Morton's neuroma (also known as intermetatarsal or interdigital neuroma) is a common cause of forefoot pain. Presents as a sharp burning sensation in the affected web space, often radiating proximally or distally between adjacent toes; more typically, it is located in the 3-4 or 2-3 intermetatarsal space, which may manifest as pain, burning, and/or numbness between the 3rd and 4th or 2nd and 3rd toes, respectively. From a pathological point of view, note that this condition is not a true neuroma per se. In other words, Morton's neuroma is not a "benign growth of nerve tissue" as any formal definition of a neuroma would imply, but represents inflammation of the nerve and/or thickening (perineural fibrosis) around it. It is generally accepted that wearing ill-fitting shoes with a tapered toe or high heels can aggravate this condition.
structure and function
The medial and lateral plantar nerves arise from the tibial nerve as it courses from the ankle to the foot and progresses to provide sensorimotor innervation to the sole of the foot (Figure 1). The medial plantar nerve is the larger of the two and normally supplies the skin and muscle groups along the vicinity of the big toe, second and third toes, as well as the medial side of the foot. This corresponds to the distribution of the median nerve in the hand. The lateral plantar nerve supplies these components to the lateral half of the fourth finger and the entire plantar surface of the fifth finger, just as the ulnar nerve does to the fingers. As these nerves course distally, they divide into the common digital nerves which then, just next to each membrane space near the metatarsal head, bifurcate into the smaller interdigital nerves which branch medially and laterally to enter the toes. the respective feet corresponding to the specific intermediary space from which the nerve comes. Unlike the hand, where anastomoses between the median and ulnar nerves are rare, in the foot, the third interdigital nerve is composed of confluent fibers from the medial and lateral plantar nerves. In about 50-85% of cases, Morton's neuroma affects this third nerve, perhaps because of its potentially larger size or because of its location in the foot among the most mobile bone structures. In the remaining cases, the second common digital nerve in the second web space is affected; there is little evidence to suggest any significant degree of nerve involvement in the 1st or 4th web space, for reasons that remain unclear.

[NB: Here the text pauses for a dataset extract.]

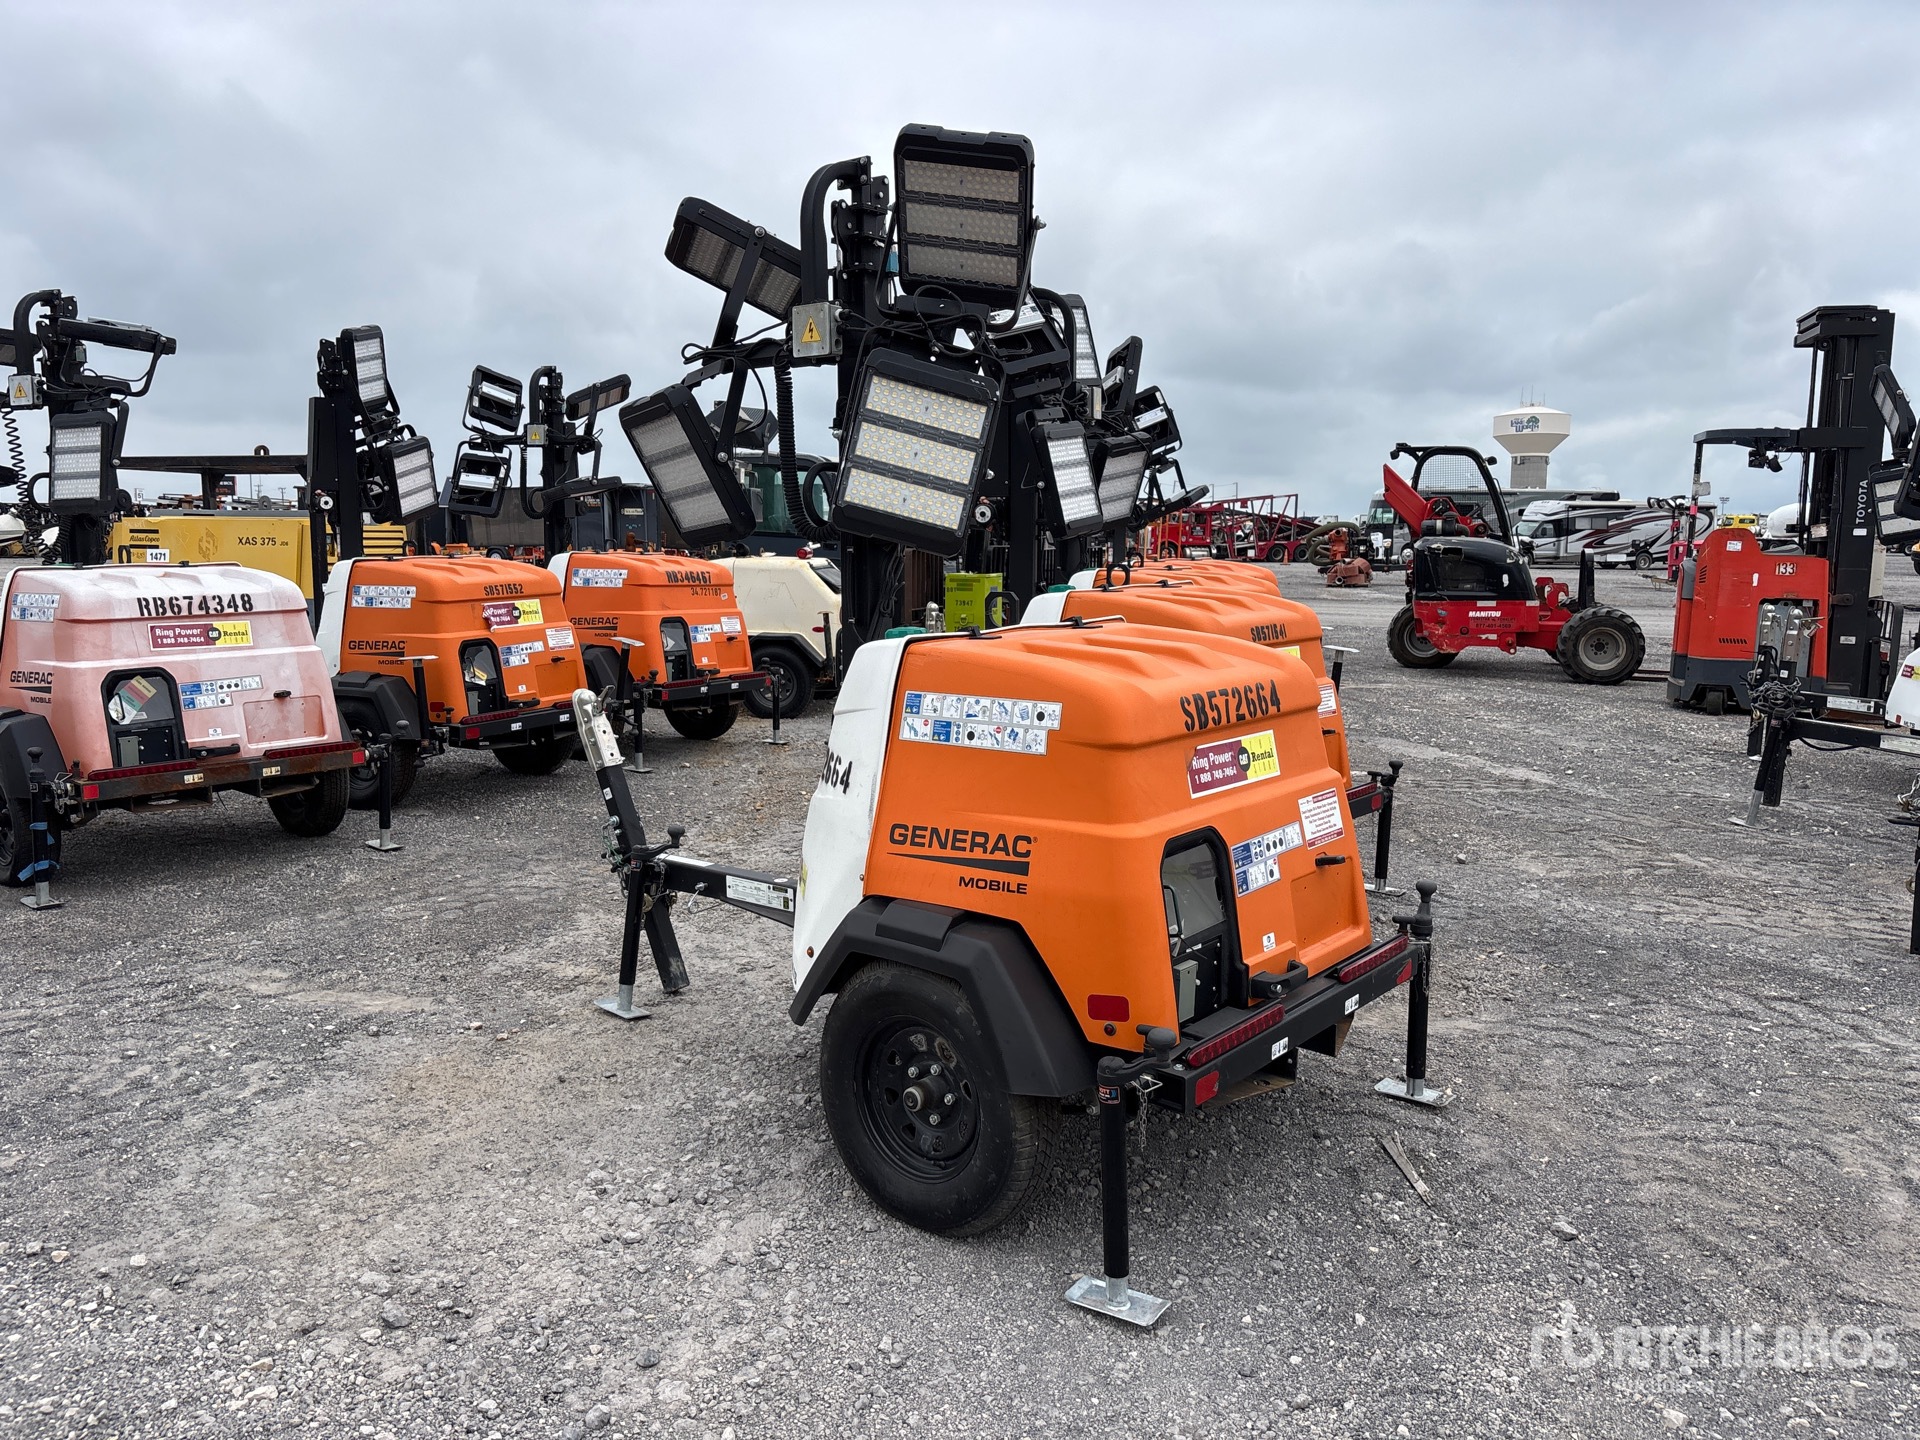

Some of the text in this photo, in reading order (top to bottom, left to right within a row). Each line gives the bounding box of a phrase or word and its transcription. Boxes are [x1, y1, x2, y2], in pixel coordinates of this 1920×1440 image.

Figure 1: Digital nerves on the plantar surface of the foot
Normally, a healthy nerve in one of these gaps looks like a piece of spaghetti. A true Morton's neuroma usually has an inflamed appearance and may be linked to the overlying intermetatarsal ligament. The neuroma itself is usually directly under the plantar skin or is only protected by a thin layer of subcutaneous tissue (Figure 2). The tissue is usually a pale yellow soft mass. Histologically, there is evidence of proliferation of fibroblasts and Schwanncell cells within extensive perivascular and subintimal fibrosis. In addition, there is demyelination, axonal damage, and hyalinized nodules (Renaut bodies) below the perineurium.
Figure 2. Location of the nerve directly under the skin (between the base of the third and fourth fingers)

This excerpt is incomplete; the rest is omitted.